Richtlinien über die Gewährung von Zuwendungen
zur Förderung der Zucht vom Aussterben bedrohter
lokaler Haustierrassen

RdErl. des Ministeriums für Umwelt und Naturschutz,
Landwirtschaft und Verbraucherschutz
II-4 - 2406-6427
v. 22.11.2002

1
Rechtsgrundlage, Zuwendungszweck
Das Land gewährt auf der Grundlage der jeweils geltenden Fassung der Verordnung (EG) Nr. 1257/1999 des Rates vom 17. Mai 1999 über die Förderung der Entwicklung des ländlichen Raums durch den Europäischen Ausrichtungs- und Garantiefonds für die Landwirtschaft (EAGFL) und zur Änderung bzw.
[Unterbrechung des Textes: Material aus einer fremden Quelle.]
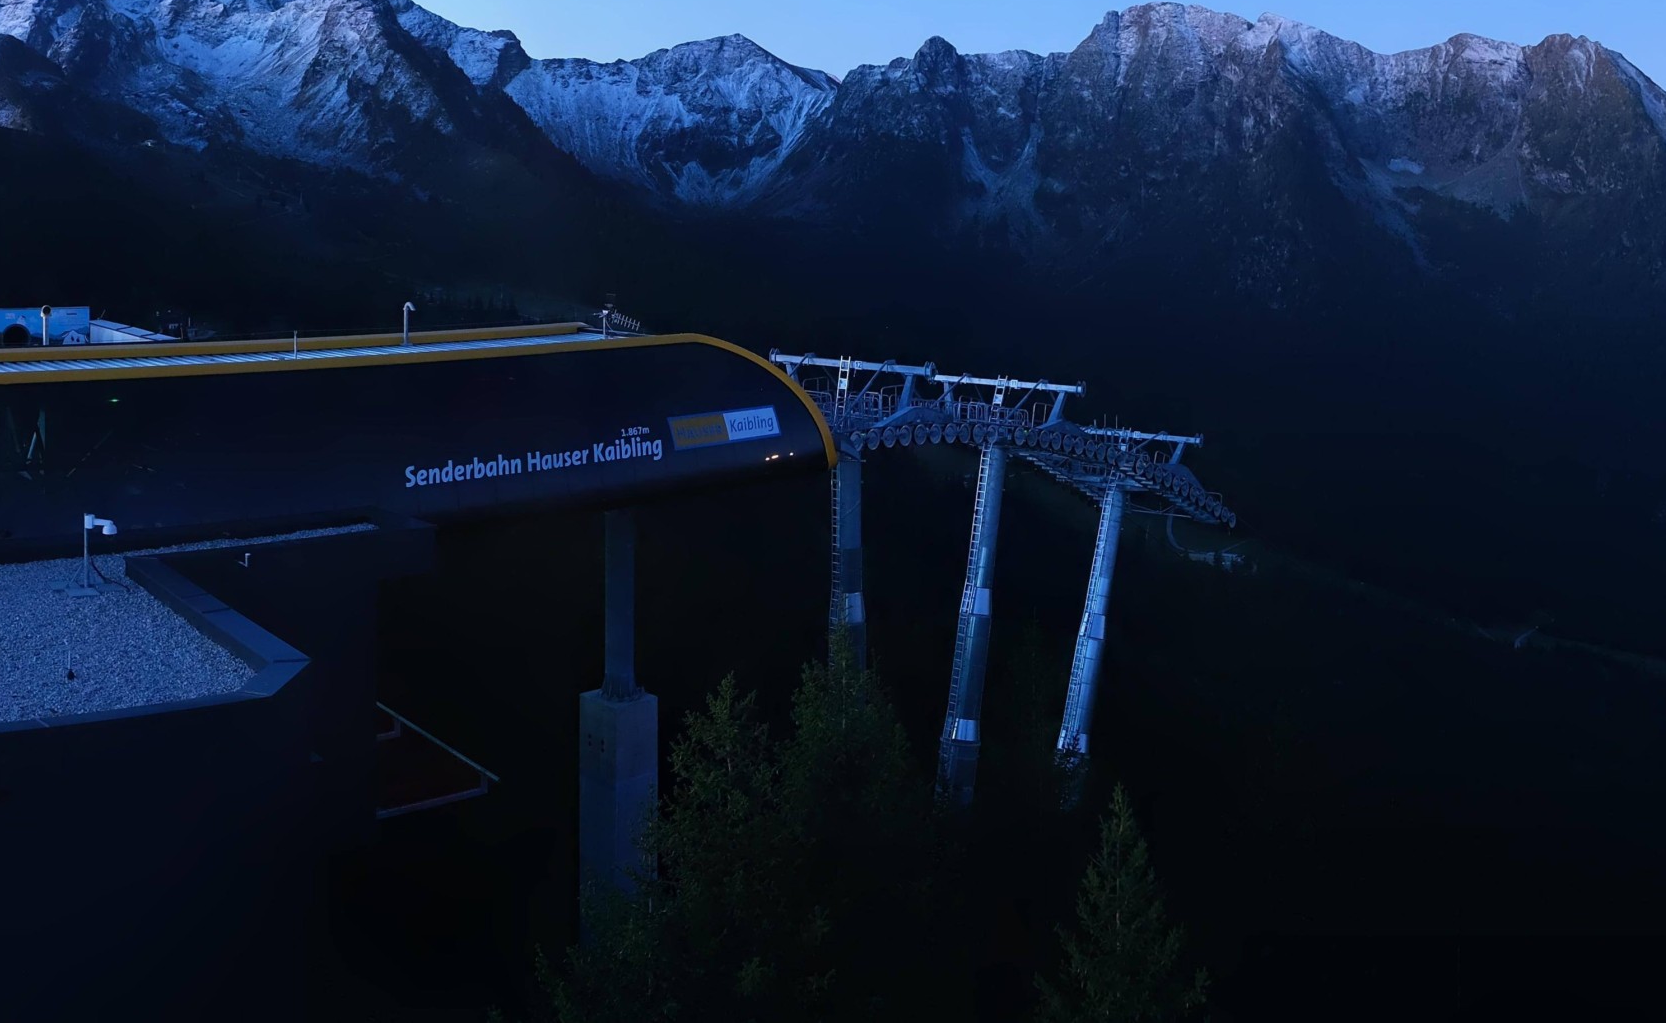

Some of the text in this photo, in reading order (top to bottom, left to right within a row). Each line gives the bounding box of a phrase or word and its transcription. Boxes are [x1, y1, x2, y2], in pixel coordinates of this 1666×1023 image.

[730, 416, 774, 432] Kaibling
[405, 437, 663, 488] Senderbahn Hauser Kaibling
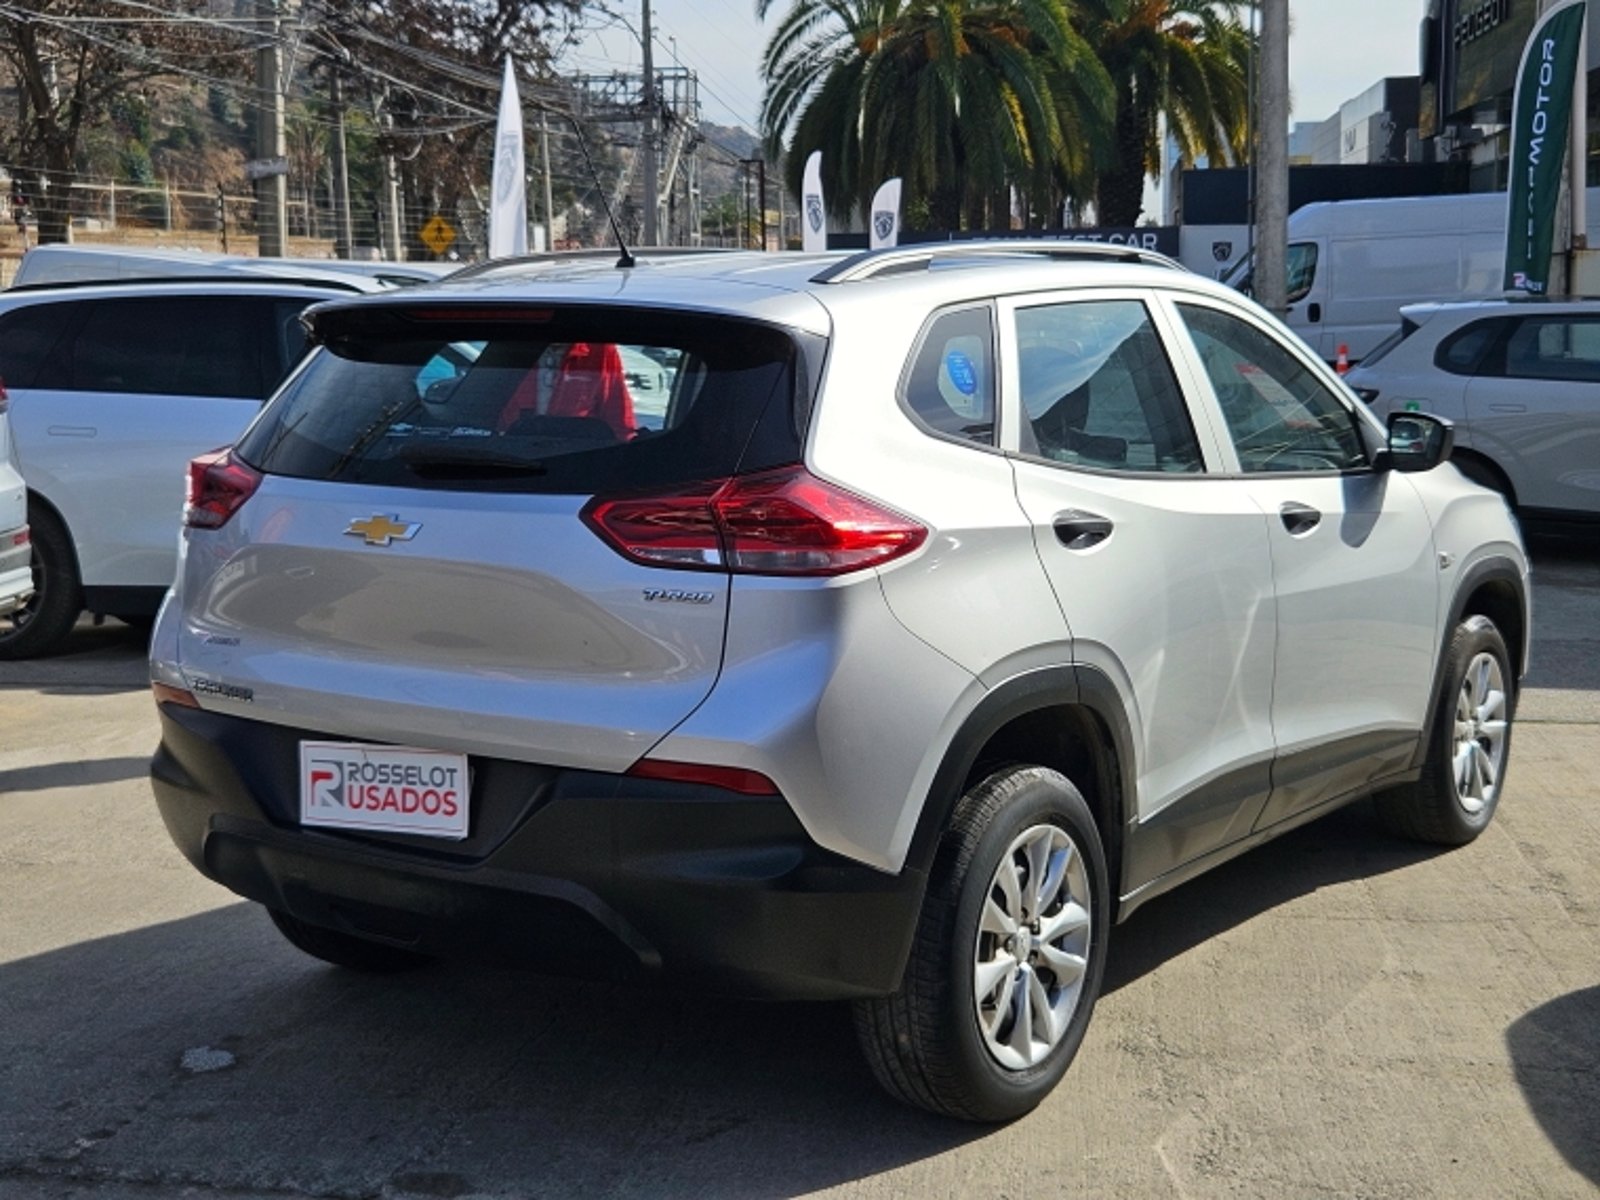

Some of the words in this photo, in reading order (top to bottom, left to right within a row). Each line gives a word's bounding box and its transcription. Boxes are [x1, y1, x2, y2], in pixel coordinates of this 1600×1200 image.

[1108, 232, 1158, 250] CAR
[347, 761, 458, 788] ROSSELOT
[349, 785, 458, 816] USADOS
Aufhebung bestimmter Verpflichtungen (ABl. Nr. L 160 vom 26.6.1999 S. 80), der hierzu ergangenen Durchführungsverordnung (DVO) (EG) Nr. 445/2002 vom 26. Februar 2002 (ABl. Nr. L 74 vom 15.3.2002 S. 1), nach Maßgabe dieser Richtlinien und der Verwaltungsvorschriften zu § 44 Landeshaushaltsordnung (LHO) im Rahmen der verfügbaren Haushaltsmittel Zuwendungen.

Zuwendungszweck ist die Förderung der Zucht alter Nutztierrassen, die
- vom Aussterben bedroht sind,
- eine wichtige Genreserve darstellen und
- durch deren Fortbestand ein wesentlicher Beitrag zur Erhaltung und Pflege der Kulturlandschaft geleistet wird.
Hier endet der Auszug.